Referendum, sconfitto il “falco” Davigo: l’Anm non si schiera più
L’Associazione nazionale dei magistrati di Piercamillo Davigo non si schiera sul referendum confermativo delle riforme costituzionali, ma potranno farlo i singoli magistrati. Questa è la sintesi cui è pervenuto il Comitato direttivo centrale dell’Anm. Ma leggiamo la nota diramata al seguito della riunione: «L’Associazione nazionale magistrati ritiene di non intervenire nel merito della tematica relativa al referendum costituzionale», ma «sull’imprescindibile ed ovvio presupposto che la Costituzione sia di tutti i cittadini rivendica il pieno diritto dei magistrati a partecipare al dibattito sul referendum, nelle forme da ciascuno ritenute opportune e compatibili con il codice etico».
Ma i singoli magistrati potranno farlo
Insomma, ci schieriamo senza dirlo o lo diciamo senza schierarci. Un’acrobazia degna del miglior politichese della Prima Repubblica, quello a base di “convergenze parallele”ed “equilibri più avanzati”. Ma forse, a guardar bene, l’Anm guidata da Davigo non aveva grandi alternative. Troppi contrasti si sono accavallati nelle ultime settimane, molti delle quali innescati proprio da esponenti togati, perché tutto finisse nel dimenticatoio. Lo stesso Davigo, in un’intervista al Corriere della Sera aveva riattivato il fuoco della polemica parlando di «politici che continuano a rubare» mentre il suo collega Piergiorgio Morosini, ora in forze al Csm per Magistratura democratica si era lasciato intrappolare in una conversazione-intervista sul referendum d’ottobre pubblicata dal Foglio sotto il titolo: «Referendum, ecco perché fermare Renzi».

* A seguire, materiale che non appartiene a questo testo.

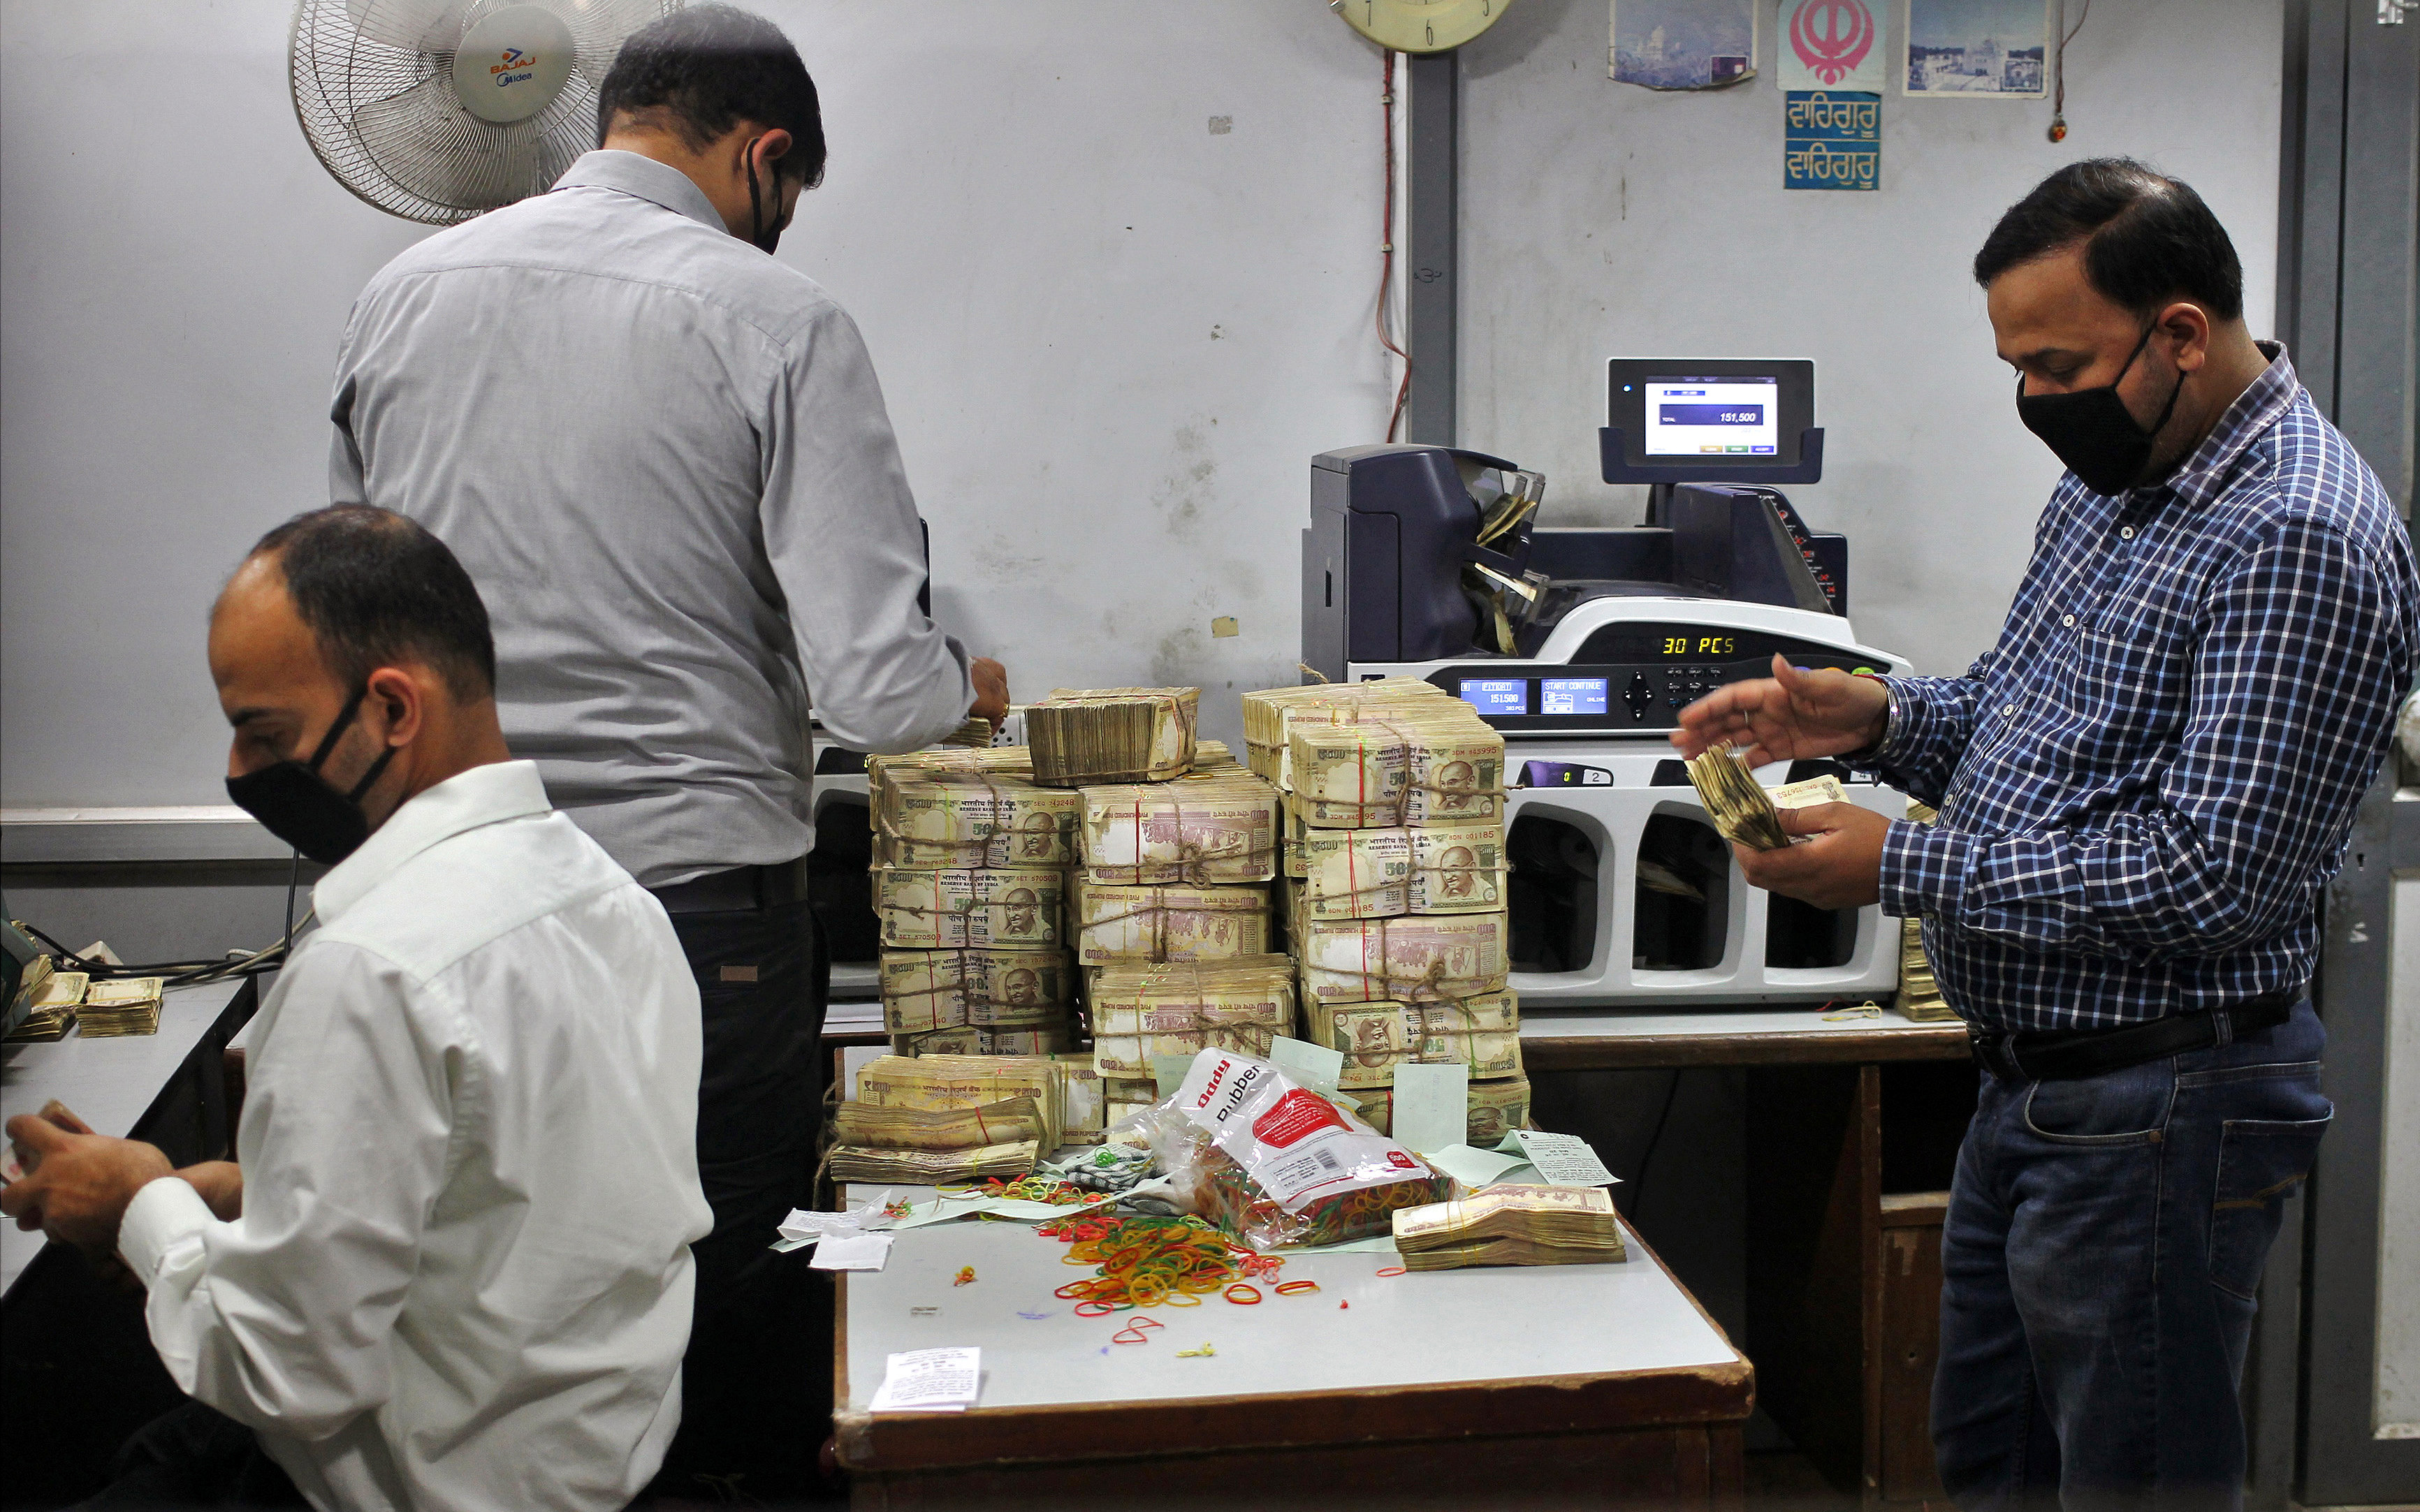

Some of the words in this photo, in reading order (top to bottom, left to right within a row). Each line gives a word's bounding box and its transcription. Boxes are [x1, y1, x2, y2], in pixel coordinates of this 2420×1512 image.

[1425, 19, 1434, 46] 6
[490, 57, 536, 74] BAJAJ
[497, 72, 532, 87] Midea
[1788, 91, 1879, 138] ਵਾਹਿਗੁਰੂ
[1787, 142, 1878, 189] ਵਾਹਿਗੁਰੂ
[1720, 413, 1756, 423] 151,500
[1663, 638, 1686, 654] 30
[1698, 638, 1734, 654] PCS
[1545, 682, 1566, 690] START
[1568, 682, 1601, 690] CONTINUE
[1563, 772, 1570, 781] 0
[1592, 772, 1599, 781] 2
[1347, 812, 1376, 821] 84595
[1197, 1059, 1230, 1108] Oddy
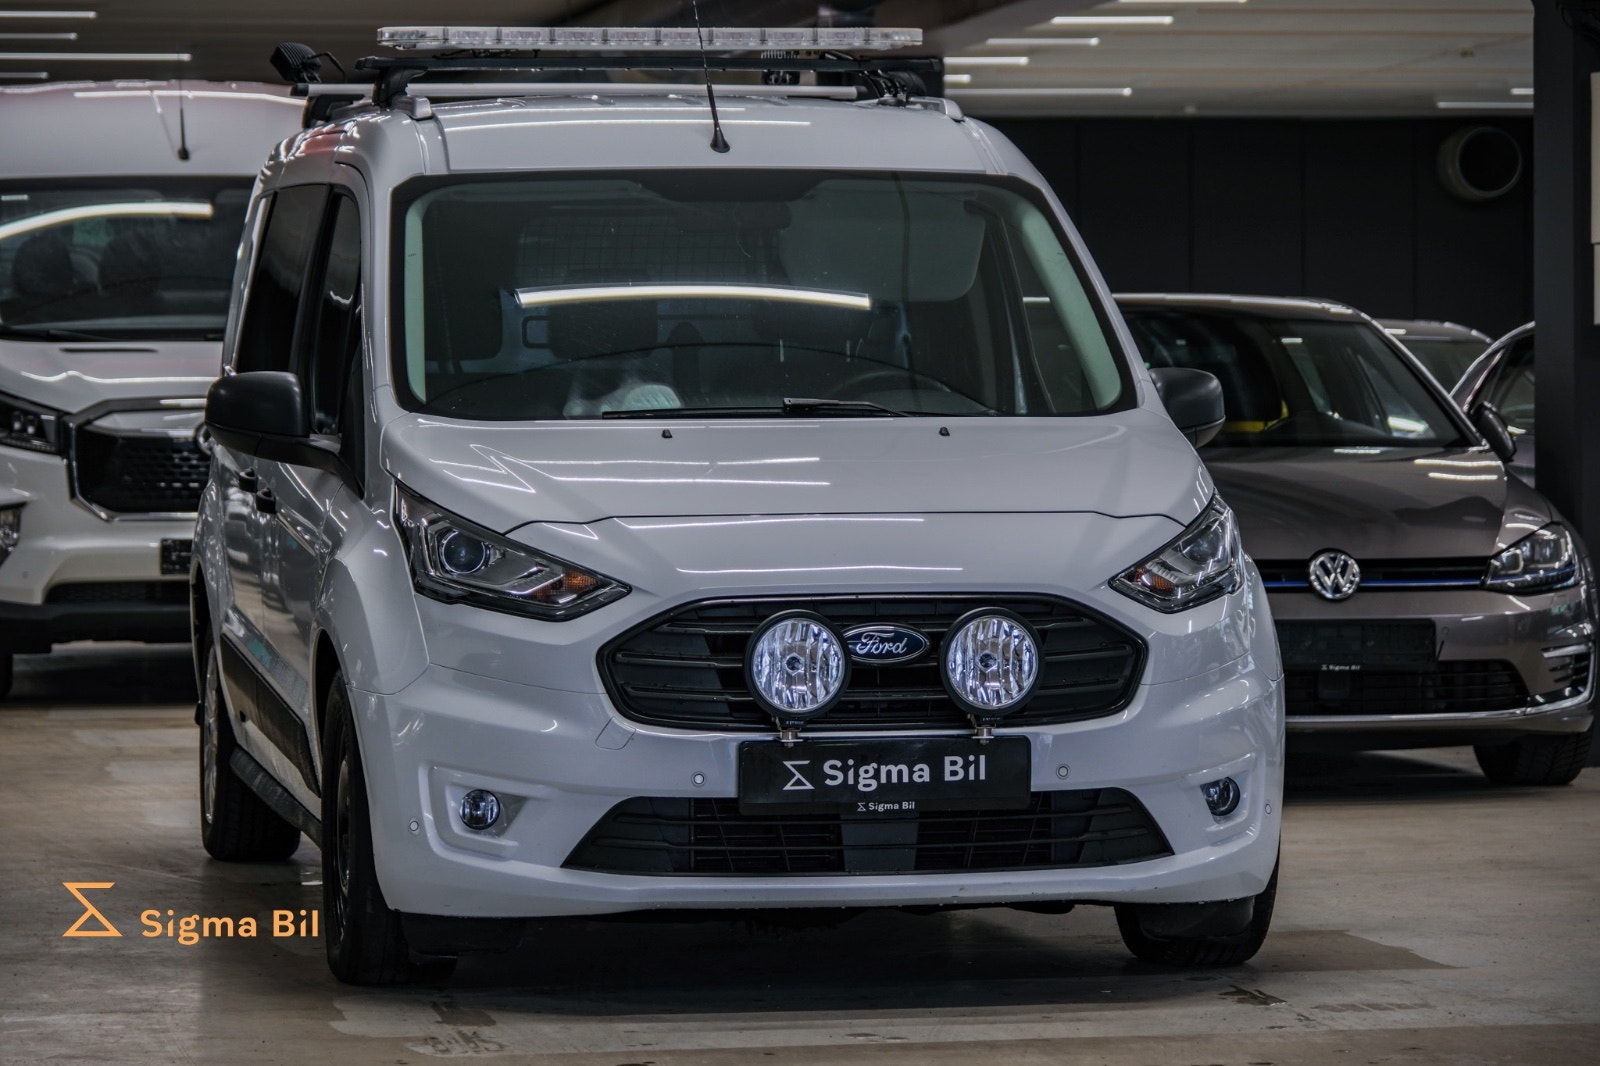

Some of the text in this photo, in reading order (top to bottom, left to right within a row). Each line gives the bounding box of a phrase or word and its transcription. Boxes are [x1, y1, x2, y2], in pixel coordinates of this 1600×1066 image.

[856, 632, 908, 654] Ford
[823, 754, 986, 792] Sigma Bil
[868, 801, 915, 813] Sigma Bil

La polemica innescata da Davigo censurata anche da molte toghe
Per riportare tutti alla calma c’è voluto l’intervento di Giovanni Legnini, vicepresidente a Palazzo dei Marescialli, che si è mantenuto in strettissimo contatto con il presidente Mattarella, che del Csm è il capo. E probabilmente si deve solo alla forza della moral suasion esercitata dal Quirinale se la polemica innescata dalle sortite di Davigo e Morosini non sono tracimate fino a investire i più alti livelli istituzionali. È tuttavia evidente che la nota diffusa dall’Anm è rivelatrice di un compromesso raggiunto tra chi voleva un pronunciamento diretto delle toghe e chi, invece, non ha fatto mistero di puntare sul recupero di una tradizione di riserbo e di sobrietà rispetto alla contesa politica che meglio si attaglia al ruolo e al prestigio della magistratura. Il problema è capire se tale equilibrio reggerà alla prova dei fatti. E del tempo.